● **Exercise details**
Could you print the listing again exactly, omitting the pictures?

● **Records shown**
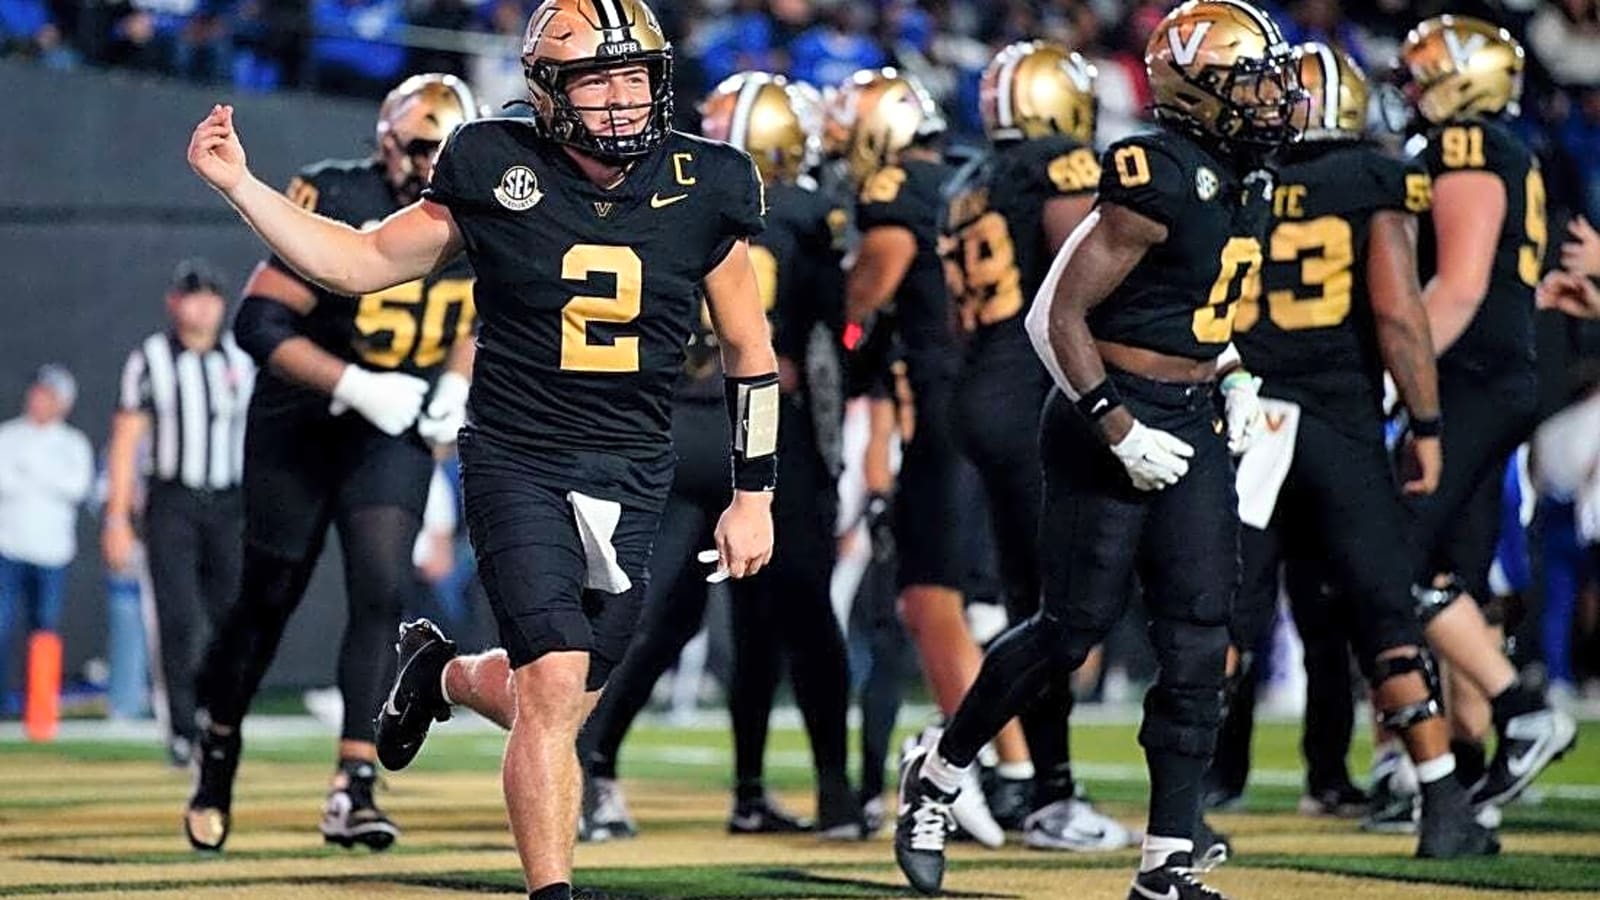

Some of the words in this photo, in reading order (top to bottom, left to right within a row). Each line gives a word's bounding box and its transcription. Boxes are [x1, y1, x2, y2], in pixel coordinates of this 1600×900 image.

[605, 43, 638, 54] VUFB
[1114, 145, 1150, 187] 0
[1441, 126, 1486, 168] 91
[504, 168, 535, 199] SEC
[673, 153, 696, 185] C
[354, 277, 476, 368] 50
[561, 244, 642, 371] 2
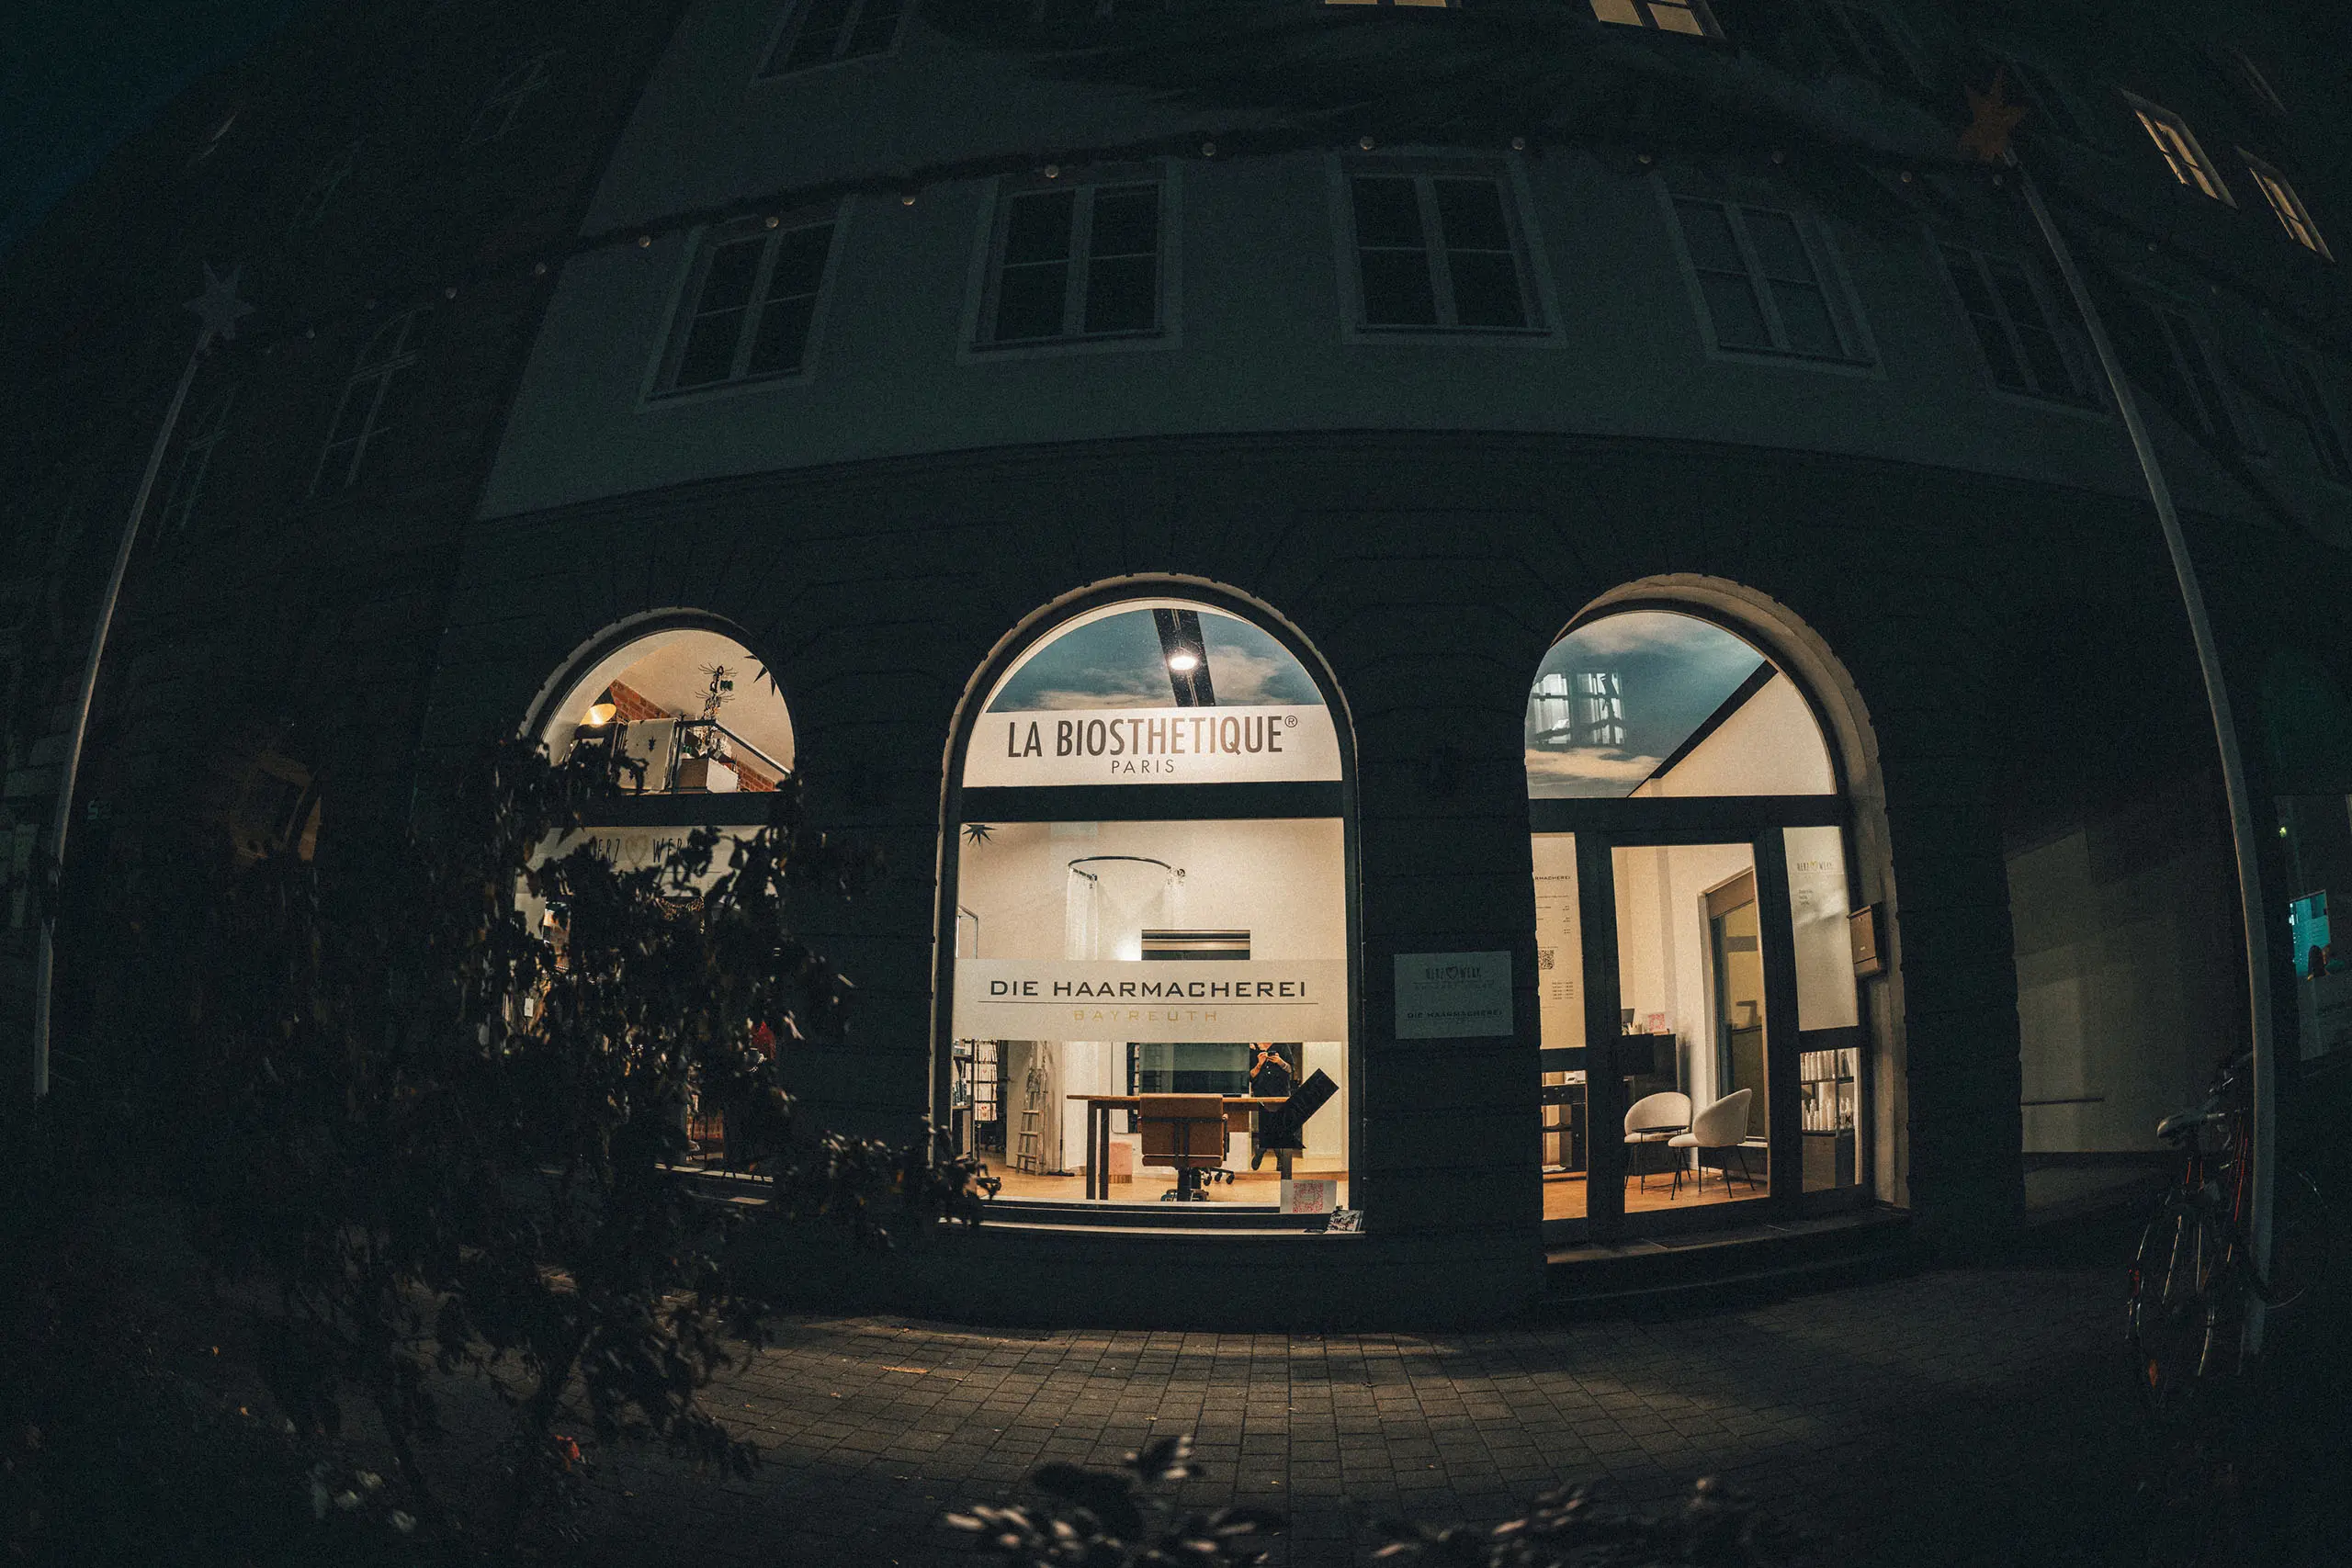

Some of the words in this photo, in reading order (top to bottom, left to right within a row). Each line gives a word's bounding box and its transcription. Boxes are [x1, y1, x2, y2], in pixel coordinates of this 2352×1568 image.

● **Reply to the exercise**
Some of the words in this photo, in reading order (top to bottom, left to right within a row). Each line gives a word's bounding box and its transcription. Boxes are [x1, y1, x2, y2], in pixel coordinates of this 1600×900 image.

[605, 43, 638, 54] VUFB
[1114, 145, 1150, 187] 0
[1441, 126, 1486, 168] 91
[504, 168, 535, 199] SEC
[673, 153, 696, 185] C
[354, 277, 476, 368] 50
[561, 244, 642, 371] 2

Some of the words in this photo, in reading order (top to bottom, left to right within a row). Each line gives a word's bounding box and its transcription. Boxes are [x1, y1, x2, y2], in pixel coordinates of this 2352×1568 image.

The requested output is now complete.